(Saved entries)
○ ○ ○
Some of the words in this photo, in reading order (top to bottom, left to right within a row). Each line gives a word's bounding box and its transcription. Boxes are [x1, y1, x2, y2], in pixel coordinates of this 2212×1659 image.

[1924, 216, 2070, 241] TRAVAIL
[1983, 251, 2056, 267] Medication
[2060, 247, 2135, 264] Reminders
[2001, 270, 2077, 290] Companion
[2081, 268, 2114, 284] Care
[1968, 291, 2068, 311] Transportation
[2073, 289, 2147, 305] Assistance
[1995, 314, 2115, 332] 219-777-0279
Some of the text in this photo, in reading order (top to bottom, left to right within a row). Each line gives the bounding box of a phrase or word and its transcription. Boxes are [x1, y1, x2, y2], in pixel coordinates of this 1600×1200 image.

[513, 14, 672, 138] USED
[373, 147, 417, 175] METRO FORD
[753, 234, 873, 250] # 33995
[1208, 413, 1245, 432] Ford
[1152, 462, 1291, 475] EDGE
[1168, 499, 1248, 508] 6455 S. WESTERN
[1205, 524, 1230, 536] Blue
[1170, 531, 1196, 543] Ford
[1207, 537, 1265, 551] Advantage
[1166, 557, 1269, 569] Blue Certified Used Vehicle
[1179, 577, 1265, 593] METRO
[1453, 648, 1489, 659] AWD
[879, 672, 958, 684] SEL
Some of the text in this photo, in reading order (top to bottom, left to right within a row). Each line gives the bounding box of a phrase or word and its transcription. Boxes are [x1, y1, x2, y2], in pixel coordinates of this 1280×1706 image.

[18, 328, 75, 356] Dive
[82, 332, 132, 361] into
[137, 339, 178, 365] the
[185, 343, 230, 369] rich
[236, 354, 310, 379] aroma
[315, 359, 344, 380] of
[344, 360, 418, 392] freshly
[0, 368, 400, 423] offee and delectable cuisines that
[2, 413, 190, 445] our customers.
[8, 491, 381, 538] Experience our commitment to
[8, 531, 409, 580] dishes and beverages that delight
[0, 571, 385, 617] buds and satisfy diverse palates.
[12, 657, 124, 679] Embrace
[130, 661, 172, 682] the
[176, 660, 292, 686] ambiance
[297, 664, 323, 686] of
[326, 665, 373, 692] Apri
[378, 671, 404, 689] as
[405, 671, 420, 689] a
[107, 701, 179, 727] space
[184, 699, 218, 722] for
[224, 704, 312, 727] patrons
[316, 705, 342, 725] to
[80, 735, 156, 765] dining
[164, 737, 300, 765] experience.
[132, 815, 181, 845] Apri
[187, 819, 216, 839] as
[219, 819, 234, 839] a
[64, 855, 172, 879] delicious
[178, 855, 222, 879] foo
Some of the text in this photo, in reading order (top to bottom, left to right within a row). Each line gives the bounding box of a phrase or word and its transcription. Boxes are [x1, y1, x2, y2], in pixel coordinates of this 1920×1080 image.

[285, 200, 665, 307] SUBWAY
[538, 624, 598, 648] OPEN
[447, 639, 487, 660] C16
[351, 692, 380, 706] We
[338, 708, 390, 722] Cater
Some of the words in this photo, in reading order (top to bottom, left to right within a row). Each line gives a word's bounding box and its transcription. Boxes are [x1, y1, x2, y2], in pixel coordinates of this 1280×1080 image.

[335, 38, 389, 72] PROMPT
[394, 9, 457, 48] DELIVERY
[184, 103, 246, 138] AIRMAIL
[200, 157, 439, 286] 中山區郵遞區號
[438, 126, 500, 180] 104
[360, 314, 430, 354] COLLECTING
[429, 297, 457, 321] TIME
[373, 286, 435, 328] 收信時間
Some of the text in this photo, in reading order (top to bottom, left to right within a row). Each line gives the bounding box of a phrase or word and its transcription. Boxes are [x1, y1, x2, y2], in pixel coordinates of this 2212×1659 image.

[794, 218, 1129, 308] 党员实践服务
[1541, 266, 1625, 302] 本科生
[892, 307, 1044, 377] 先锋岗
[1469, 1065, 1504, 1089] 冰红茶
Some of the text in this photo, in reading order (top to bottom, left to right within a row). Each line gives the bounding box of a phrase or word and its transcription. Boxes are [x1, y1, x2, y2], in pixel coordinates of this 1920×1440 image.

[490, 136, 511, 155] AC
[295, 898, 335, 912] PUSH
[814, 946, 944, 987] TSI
○ ○ ○
Please copy out every line shown above, exactly.

Some of the words in this photo, in reading order (top to bottom, left to right within a row). Each line gives a word's bounding box and its transcription. Boxes are [x1, y1, x2, y2], in pixel coordinates of this 2212×1659 image.

[1924, 216, 2070, 241] TRAVAIL
[1983, 251, 2056, 267] Medication
[2060, 247, 2135, 264] Reminders
[2001, 270, 2077, 290] Companion
[2081, 268, 2114, 284] Care
[1968, 291, 2068, 311] Transportation
[2073, 289, 2147, 305] Assistance
[1995, 314, 2115, 332] 219-777-0279
Some of the text in this photo, in reading order (top to bottom, left to right within a row). Each line gives the bounding box of a phrase or word and its transcription. Boxes are [x1, y1, x2, y2], in pixel coordinates of this 1600×1200 image.

[513, 14, 672, 138] USED
[373, 147, 417, 175] METRO FORD
[753, 234, 873, 250] # 33995
[1208, 413, 1245, 432] Ford
[1152, 462, 1291, 475] EDGE
[1168, 499, 1248, 508] 6455 S. WESTERN
[1205, 524, 1230, 536] Blue
[1170, 531, 1196, 543] Ford
[1207, 537, 1265, 551] Advantage
[1166, 557, 1269, 569] Blue Certified Used Vehicle
[1179, 577, 1265, 593] METRO
[1453, 648, 1489, 659] AWD
[879, 672, 958, 684] SEL
Some of the text in this photo, in reading order (top to bottom, left to right within a row). Each line gives the bounding box of a phrase or word and its transcription. Boxes are [x1, y1, x2, y2], in pixel coordinates of this 1280×1706 image.

[18, 328, 75, 356] Dive
[82, 332, 132, 361] into
[137, 339, 178, 365] the
[185, 343, 230, 369] rich
[236, 354, 310, 379] aroma
[315, 359, 344, 380] of
[344, 360, 418, 392] freshly
[0, 368, 400, 423] offee and delectable cuisines that
[2, 413, 190, 445] our customers.
[8, 491, 381, 538] Experience our commitment to
[8, 531, 409, 580] dishes and beverages that delight
[0, 571, 385, 617] buds and satisfy diverse palates.
[12, 657, 124, 679] Embrace
[130, 661, 172, 682] the
[176, 660, 292, 686] ambiance
[297, 664, 323, 686] of
[326, 665, 373, 692] Apri
[378, 671, 404, 689] as
[405, 671, 420, 689] a
[107, 701, 179, 727] space
[184, 699, 218, 722] for
[224, 704, 312, 727] patrons
[316, 705, 342, 725] to
[80, 735, 156, 765] dining
[164, 737, 300, 765] experience.
[132, 815, 181, 845] Apri
[187, 819, 216, 839] as
[219, 819, 234, 839] a
[64, 855, 172, 879] delicious
[178, 855, 222, 879] foo
Some of the text in this photo, in reading order (top to bottom, left to right within a row). Each line gives the bounding box of a phrase or word and its transcription. Boxes are [x1, y1, x2, y2], in pixel coordinates of this 1920×1080 image.

[285, 200, 665, 307] SUBWAY
[538, 624, 598, 648] OPEN
[447, 639, 487, 660] C16
[351, 692, 380, 706] We
[338, 708, 390, 722] Cater
Some of the words in this photo, in reading order (top to bottom, left to right within a row). Each line gives a word's bounding box and its transcription. Boxes are [x1, y1, x2, y2], in pixel coordinates of this 1280×1080 image.

[335, 38, 389, 72] PROMPT
[394, 9, 457, 48] DELIVERY
[184, 103, 246, 138] AIRMAIL
[200, 157, 439, 286] 中山區郵遞區號
[438, 126, 500, 180] 104
[360, 314, 430, 354] COLLECTING
[429, 297, 457, 321] TIME
[373, 286, 435, 328] 收信時間
Some of the text in this photo, in reading order (top to bottom, left to right within a row). Each line gives the bounding box of a phrase or word and its transcription. Boxes are [x1, y1, x2, y2], in pixel coordinates of this 2212×1659 image.

[794, 218, 1129, 308] 党员实践服务
[1541, 266, 1625, 302] 本科生
[892, 307, 1044, 377] 先锋岗
[1469, 1065, 1504, 1089] 冰红茶
Some of the text in this photo, in reading order (top to bottom, left to right within a row). Each line gives the bounding box of a phrase or word and its transcription. Boxes are [x1, y1, x2, y2], in pixel coordinates of this 1920×1440 image.

[490, 136, 511, 155] AC
[295, 898, 335, 912] PUSH
[814, 946, 944, 987] TSI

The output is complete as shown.